Unexpecting publicity photo. Zee Zee Theatre

Rahat Saini and Jessica Heafey in Carmen Alatorre’s costumes on Lachlin Johnston’s set
(Photo by Tina Krueger Kalic)

I hated this show so much that thinking about writing this review gave me a stomach ache. I don’t want to be cruel but, if I’m not frank, I’m not doing my job.

I first encountered playwright Bronwyn Carradine’s Unexpecting in early 2021 when it was an audio play produced by the Arts Club. Back then, I wrote that the script “skips along at a snappy sitcom pace”, but complained that “the piling on of obstacles often feels arbitrary and insubstantial.” Having gone through a couple of workshops since then — presumably with Zee Zee Theatre, the company producing this fully staged version — the script is now massively worse. And it’s been very badly directed by Cameron Mackenzie.
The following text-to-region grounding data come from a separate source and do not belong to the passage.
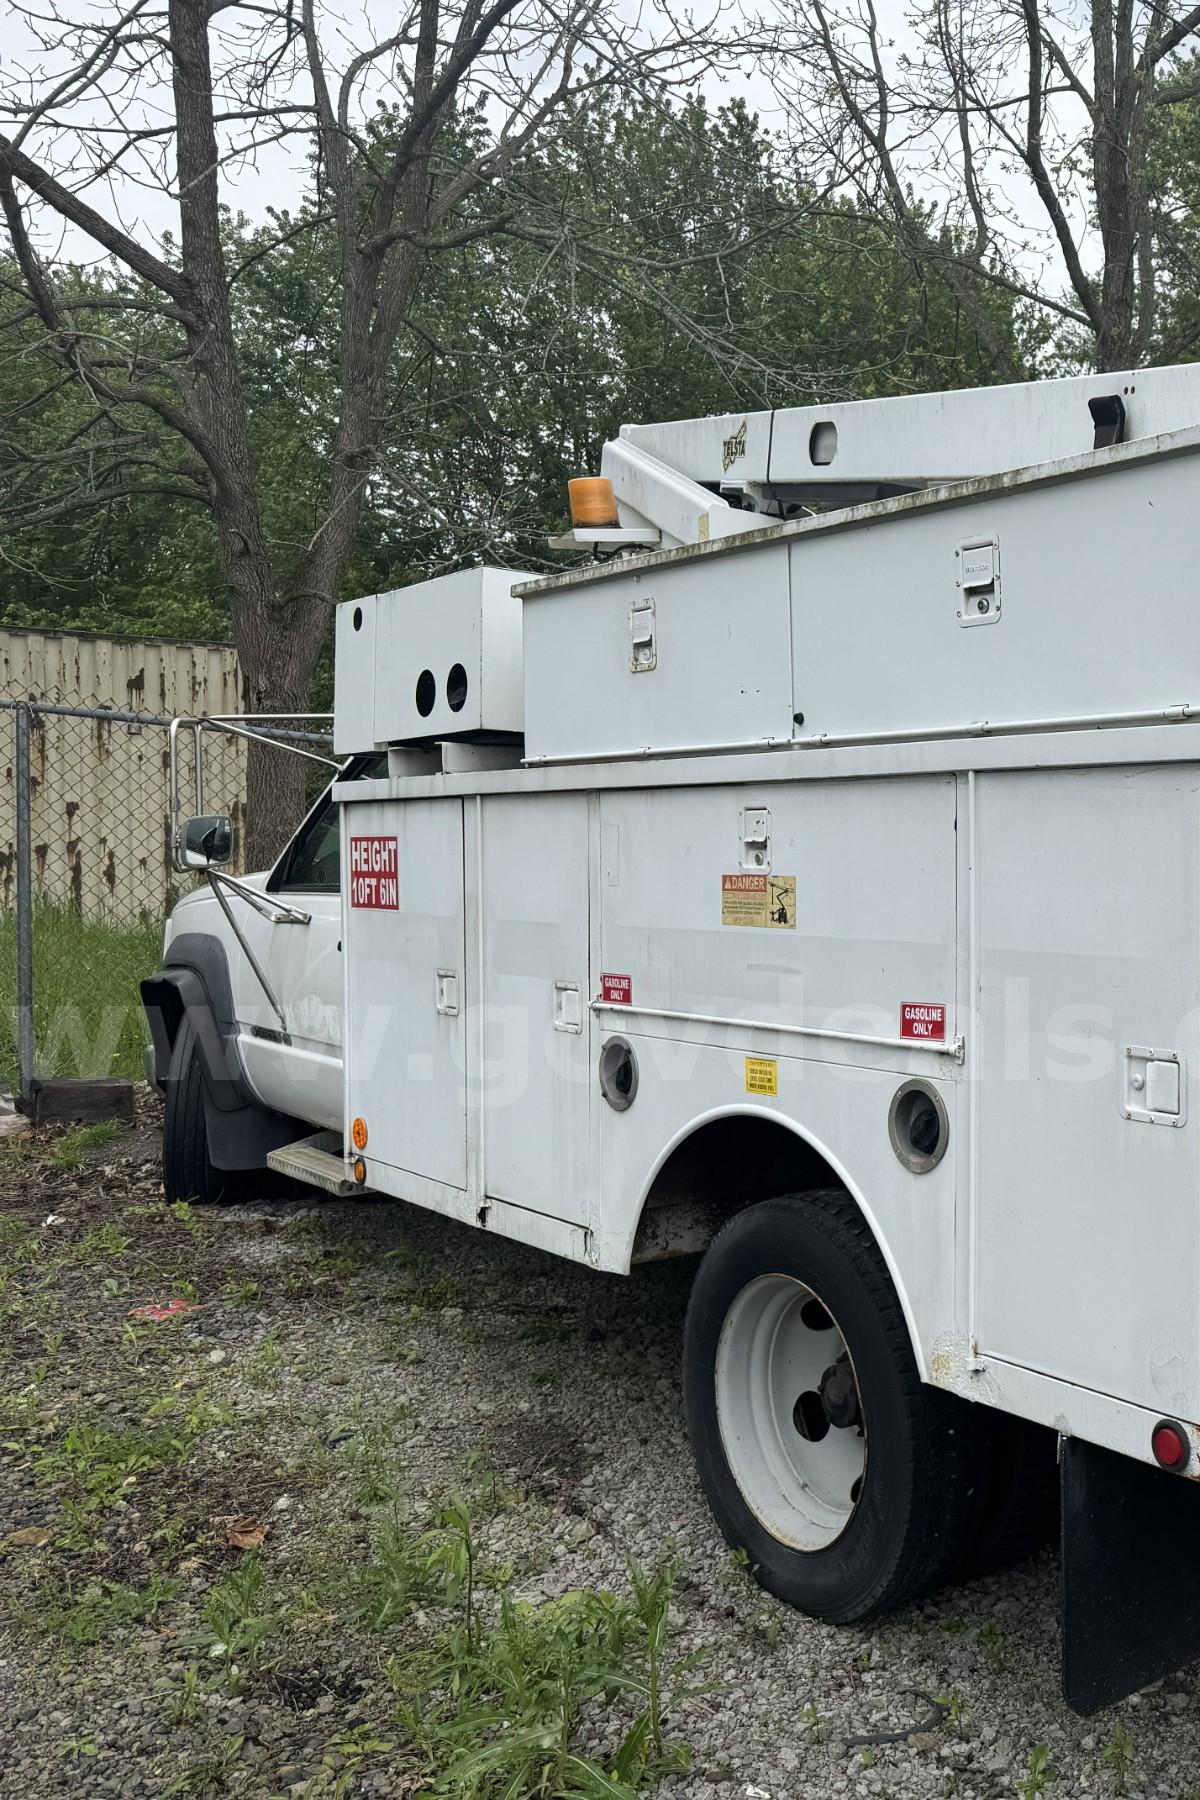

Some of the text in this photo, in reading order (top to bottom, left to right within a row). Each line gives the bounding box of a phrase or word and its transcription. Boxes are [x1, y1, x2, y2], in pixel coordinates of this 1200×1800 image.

[723, 440, 745, 457] TELSTA
[352, 840, 397, 873] HEIGHT
[732, 876, 765, 890] DANGER
[352, 877, 397, 906] 10FT 6IN
[604, 976, 630, 989] GASOLINE
[610, 989, 624, 1001] ONLY
[904, 1007, 942, 1022] GASOLINE
[912, 1022, 933, 1036] ONLY
Within that, there are a couple of strong performances and Lachlan Johnston’s set is exciting.

Let’s get into it.

In the story, lesbian couple Annie and Jo are on the brink of adopting a baby when the birth mother, Sawyer, changes her mind and calls it off. Annie and Jo are devastated.
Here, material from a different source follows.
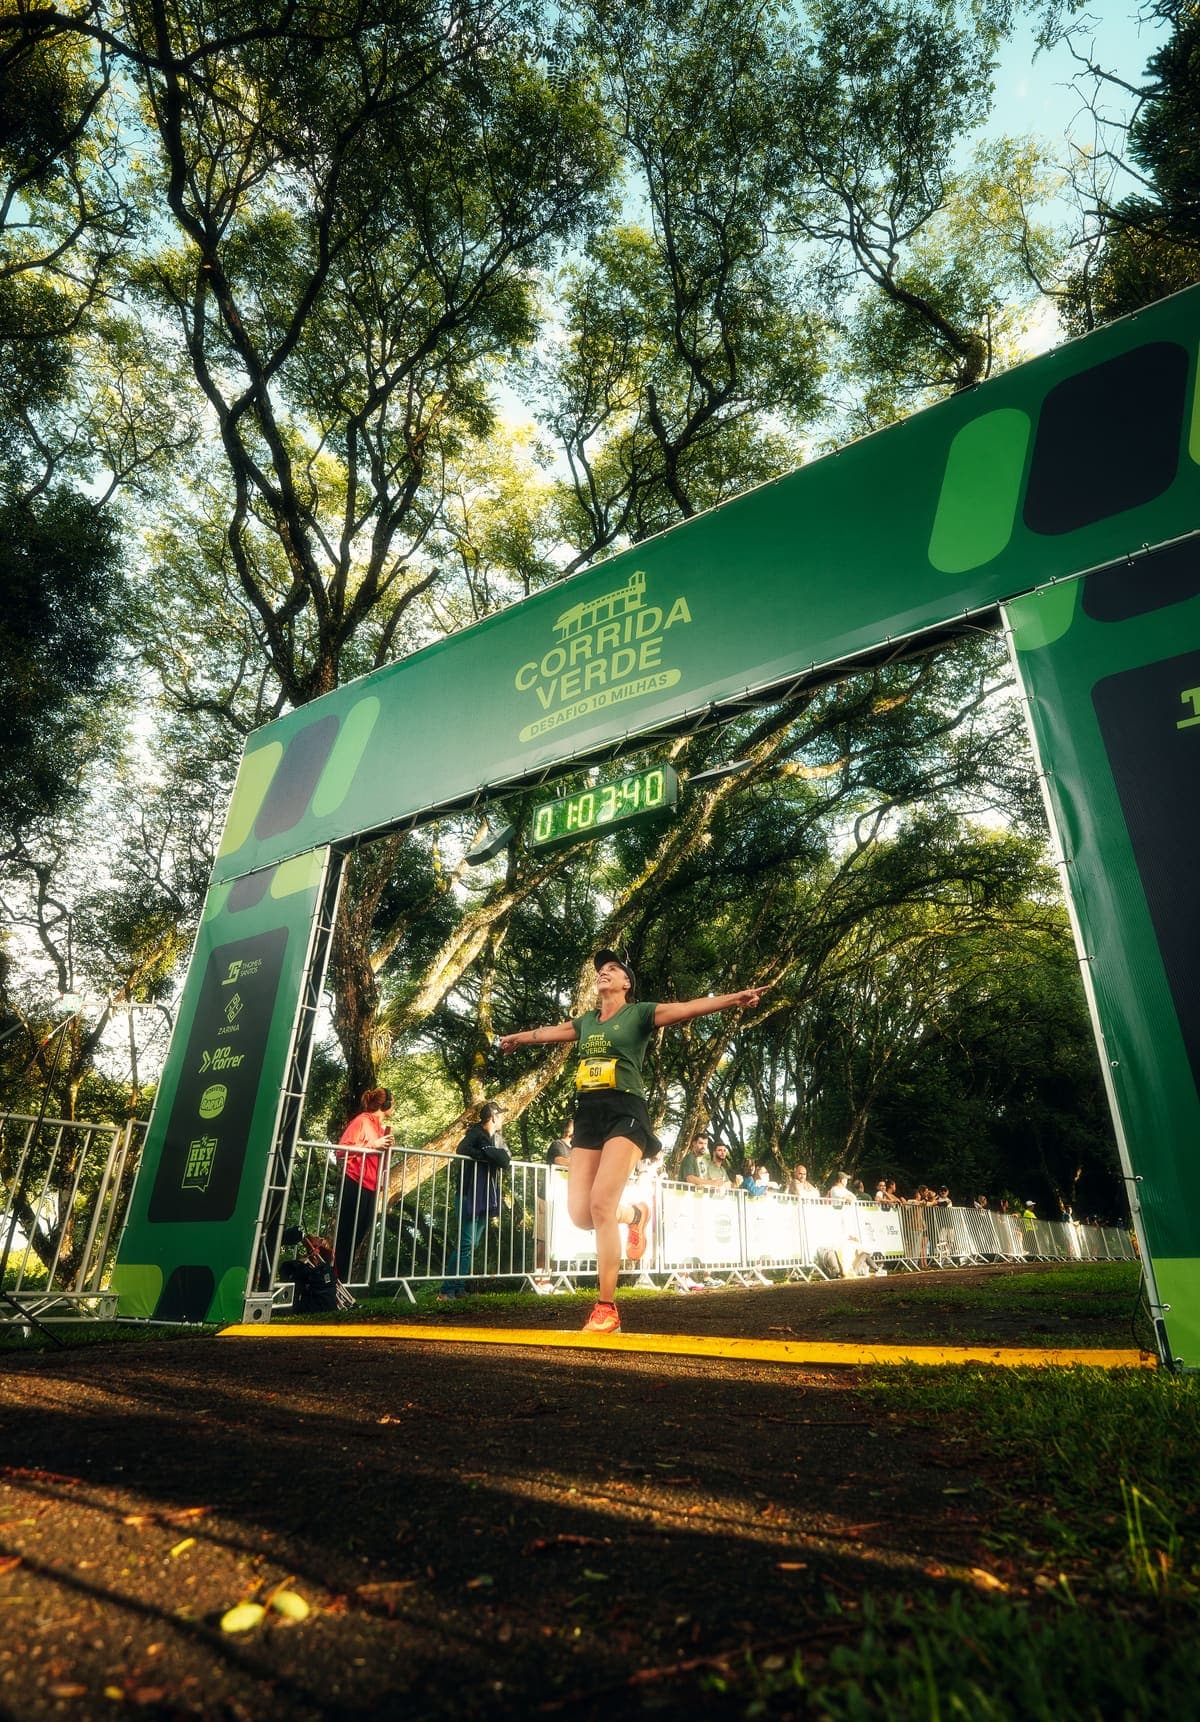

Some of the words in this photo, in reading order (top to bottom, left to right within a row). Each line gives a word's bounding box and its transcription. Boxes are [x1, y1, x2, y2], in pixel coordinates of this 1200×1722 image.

But it takes a while for us to hear about Sawyer’s reversal and, even then, most of Act 1 is consumed by Annie’s equivocation about whether she’s going to accept a tenure track position as a creative writing prof or fly to LA to join a writers’ room led by her childhood friend Pam. Jo also has a side conflict: she’s an artist and gallery owner, and the installation of a sculpture exhibit is going off the rails. Body parts are being fused together in the wrong positions.
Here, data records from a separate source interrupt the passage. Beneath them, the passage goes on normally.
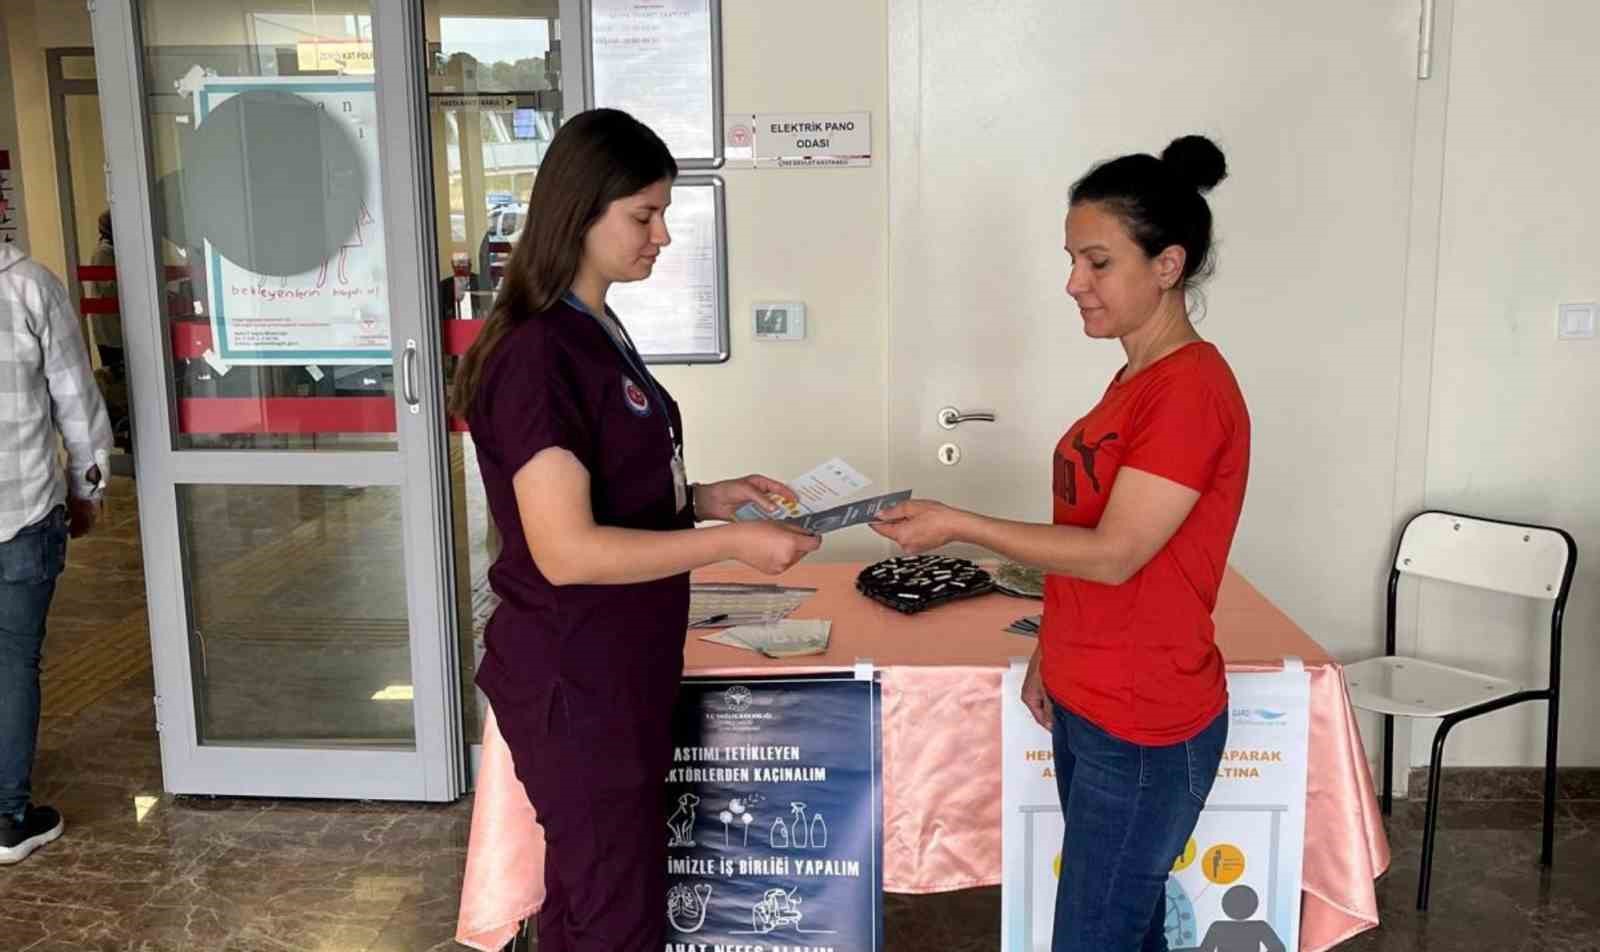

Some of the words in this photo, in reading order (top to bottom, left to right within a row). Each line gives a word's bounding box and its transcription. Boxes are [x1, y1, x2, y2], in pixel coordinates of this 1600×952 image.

[770, 120, 823, 133] ELEKTRİK
[825, 121, 855, 131] PANO
[796, 138, 830, 149] ODASI
[673, 747, 720, 762] ASTIMI
[723, 744, 801, 761] TETİKLEYEN
[664, 767, 750, 783] KTÖRLERDEN
[753, 767, 827, 784] KAÇINALIM
[720, 856, 734, 878] İŞ
[739, 856, 790, 876] BİRLİĞİ
[795, 859, 860, 877] YAPALIM
There’s a whole lot wrong with this.

Adoption, making a family that includes kids, is at the heart of the play, but, in this new version of the script, that gets sidelined for the 80-minute-long first act. And I didn’t give a flying fuck about Annie’s job options — partly because I didn’t believe in them for a second. We find out that Annie’s first novel spent 20 weeks on the New York Times bestseller list. As if. At no point does the character as written give us any indication that she has the emotional depth or artistic sophistication usually required to achieve such a thing. Nor does she display the intellectual command one would expect to see in a prof — especially in today’s competitive academic job market. Part of the problem here is that Mackenzie has miscast Rahat Saini in the role: in a superficial performance, Saini adds zero heft.

Jo’s professional crisis also takes up a fair bit of time — more than in the earlier version — but neither of these narrative threads goes anywhere at all. They just get dumped in Act 2, so why bring them up in the first place? As the play stands, Act 1, which is much longer than it used to be, is largely useless.

Under Mackenzie’s direction, extended sequences of frantic physical “comedy” are so unfunny I started to cringe when I saw them forming on the horizon.

And there’s plenty more unfunny comedy written into the script. As she heads out for her university interview, Annie gets dressed in an ugly blouse. Jokes about said blouse waste stage time — and contribute sweet zip to the script’s narrative or thematic development. When Jo comes home to pick up some carpentry tools to take back to the gallery, Pam freaks out because she thinks Jo might murder her with the hacksaw. In what universe? This is completely arbitrary.

I haven’t been able to ascertain who dramaturged this script, but whoever it was, I suspect they’ve done Carradine a major disservice. They seem to have said, “Yeah, just keep throwing ideas out there! And leave them all in! Take as much time as you want. And don’t worry about pesky details like making logical sense or finding the essential narrative structure!”

As a director, Mackenzie’s approach has certainly been, “Make it big! It’ll be hilarious!” But it’s not. It’s grating.

And the performers suffer. Because Saini’s work is superficial, it also feels false and, in that sense, overacted. Playing Annie’s friend Pam, Melissa Oei takes the overacting further. Oei can be an affecting performer but, under Mackenzie’s direction, she draws a cartoon-like portrait of the smart-mouthed, sexpot girl boss.

It’s the sloppiness of this enterprise that drives me nuts.

Fortunately, Act 2, which is much more in line with the earlier draft, is much better than the more thoroughly overhauled Act 1.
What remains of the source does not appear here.